The affected system has the following network card:

00:19.0 Ethernet controller: Intel Corporation 82579V Gigabit Network Connection (rev 05)

It doesn't seem to matter which OS the system is running as all of them are affected (Gentoo, CentOS and Win8). So far the issue is not very strange. The strange bit comes it is that the problem only happens when I SCP files to a second system on the same local network. The second system uses an older 100Mbit network card.

00:04.0 Ethernet controller: Silicon Integrated Systems [SiS] SiS900 PCI Fast Ethernet (rev 91)

00:0e.0 Ethernet controller: Realtek Semiconductor Co., Ltd. RTL-8139/8139C/8139C+ (rev 10)

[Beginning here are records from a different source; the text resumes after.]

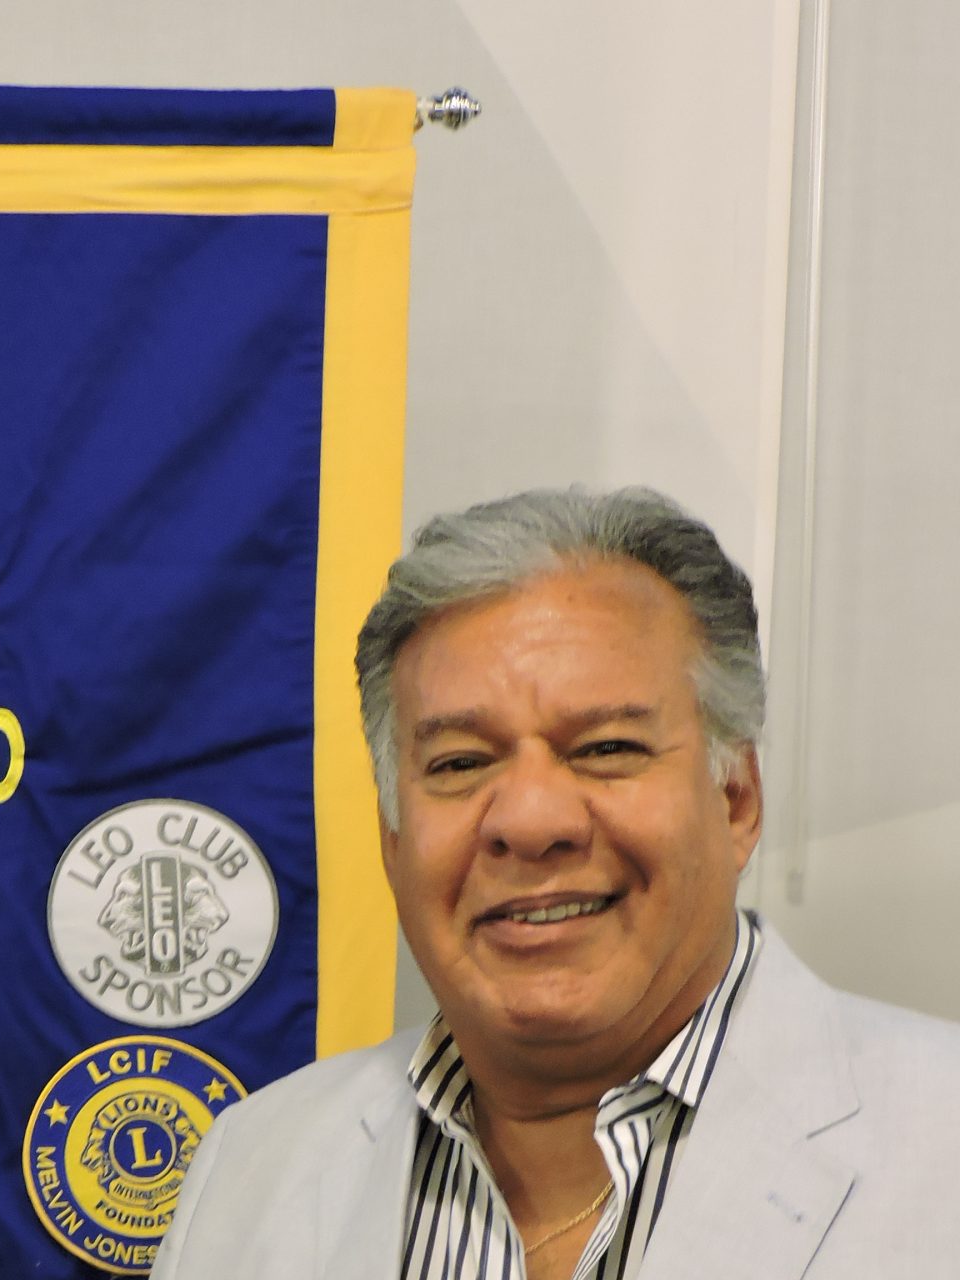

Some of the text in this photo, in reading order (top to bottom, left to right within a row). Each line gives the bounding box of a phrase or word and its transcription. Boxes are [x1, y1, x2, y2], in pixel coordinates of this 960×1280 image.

[67, 813, 249, 890] LEO CLUB
[150, 861, 177, 962] LEO
[78, 947, 254, 1017] SPONSOR
[86, 1048, 173, 1085] LCIF
[101, 1097, 172, 1124] LIONS
[127, 1127, 163, 1169] L
[36, 1145, 85, 1236] MELVIN
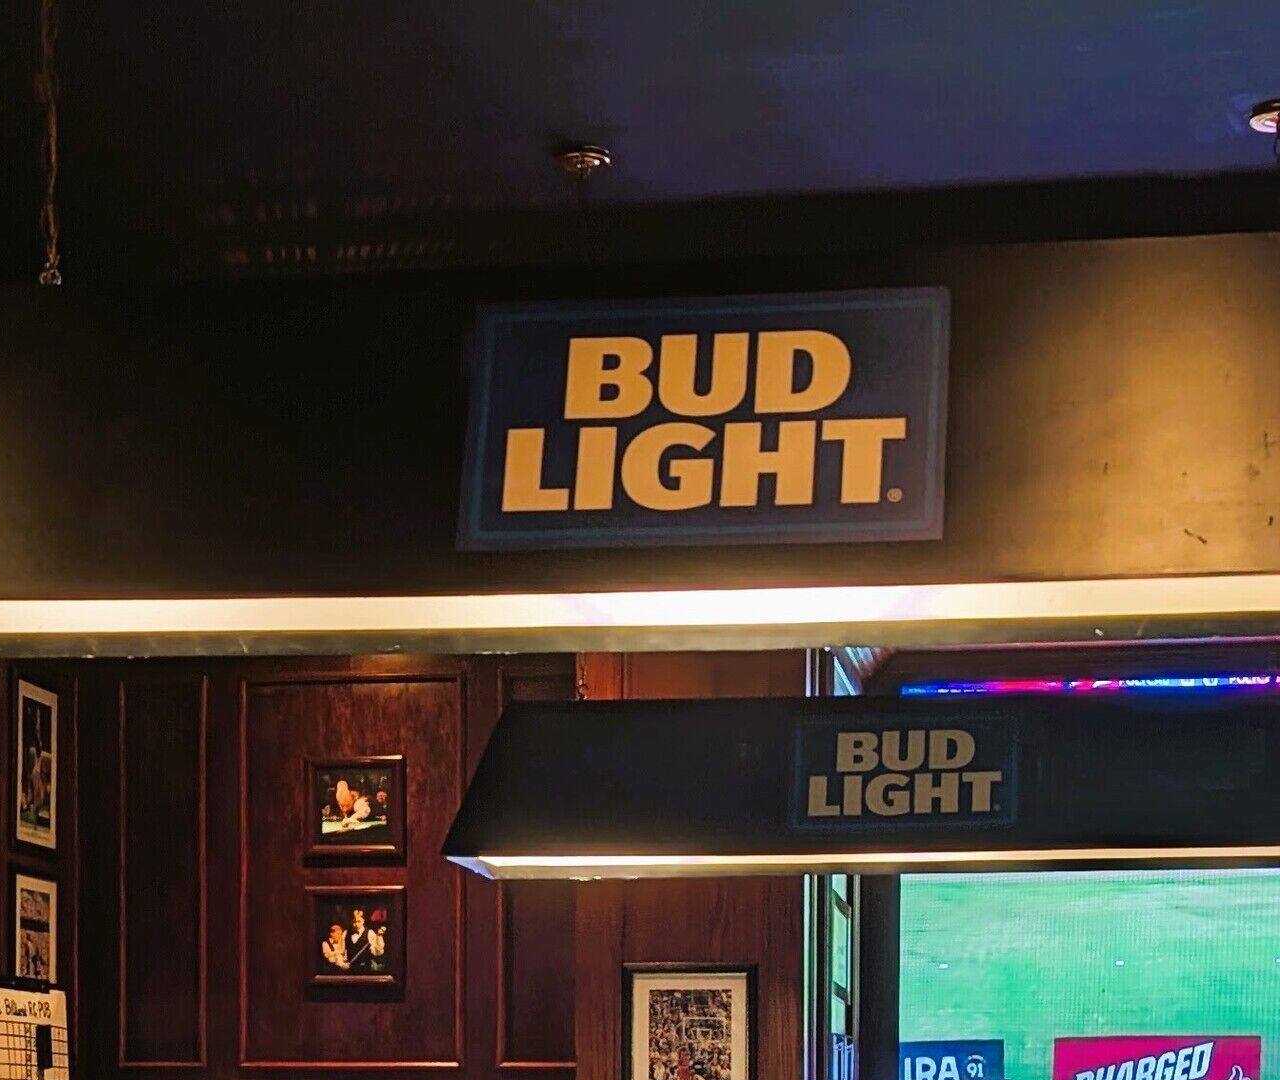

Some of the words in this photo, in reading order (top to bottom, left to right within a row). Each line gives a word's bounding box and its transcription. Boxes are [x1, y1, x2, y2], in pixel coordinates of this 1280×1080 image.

[564, 330, 851, 420] BUD
[502, 418, 907, 512] LIGHT
[836, 729, 976, 772] BUD
[807, 771, 1002, 817] LIGHT
[966, 1062, 984, 1078] 91
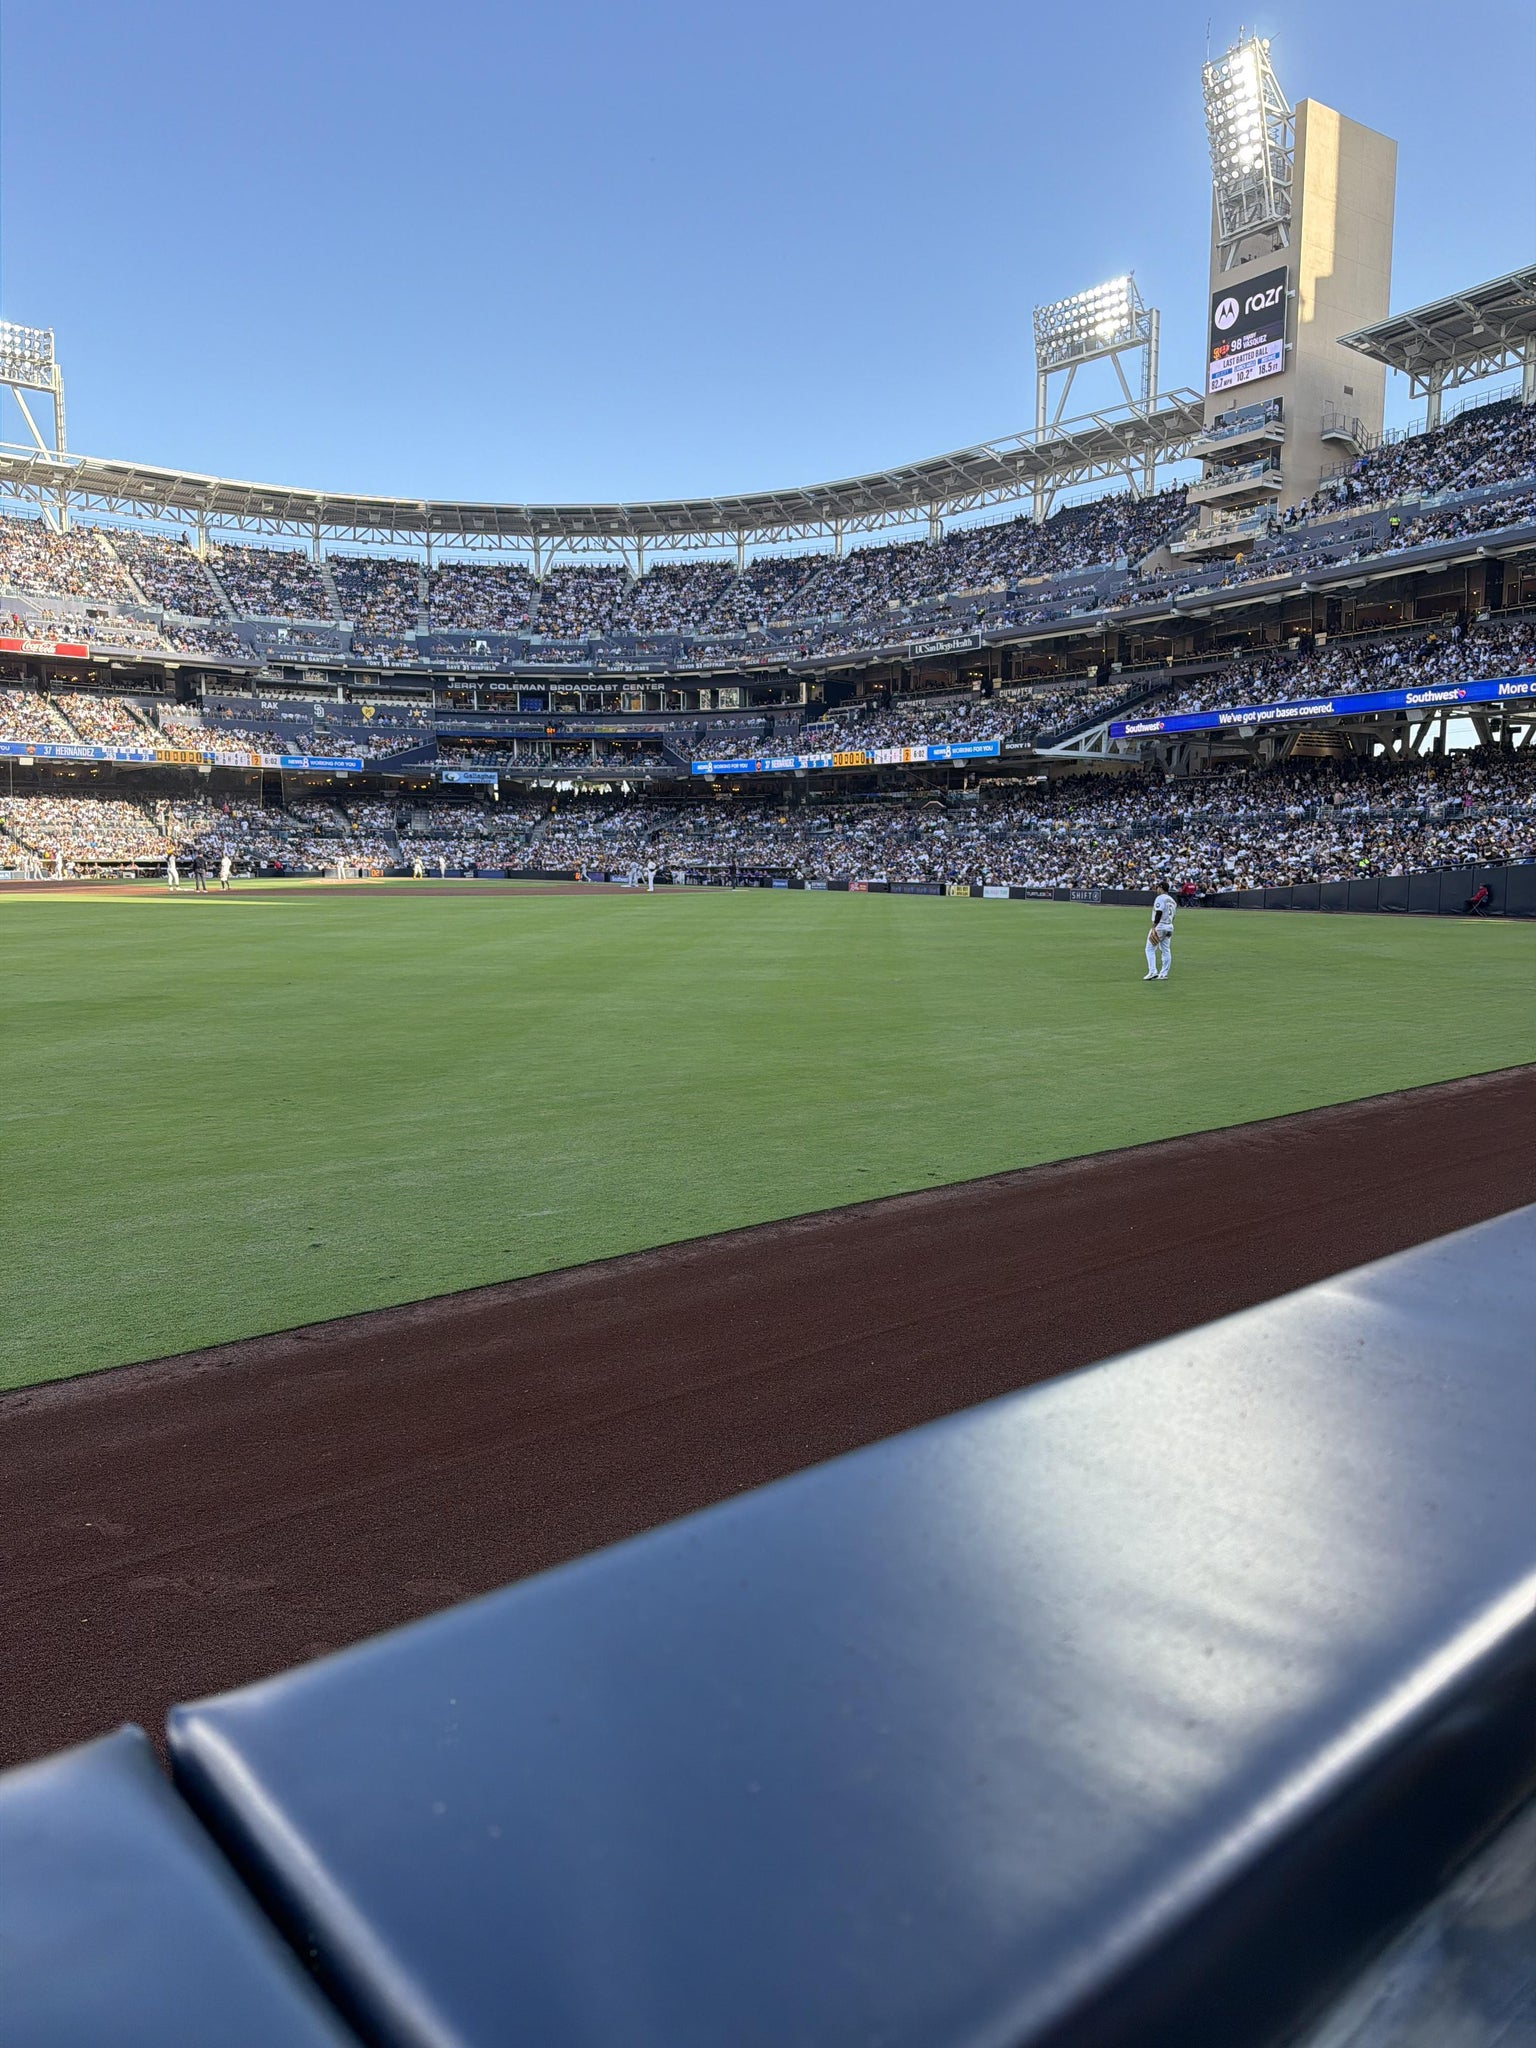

The second system only uses one of the cards (RTL-8169) as the other is also broken. When copying the same files to any other system on the local network the problem does not occur. The failure ony happens when files are transferred between these two systems. 

Could this be related to the different in network speed with the affected system using gigabit and the other system 100Mbit ?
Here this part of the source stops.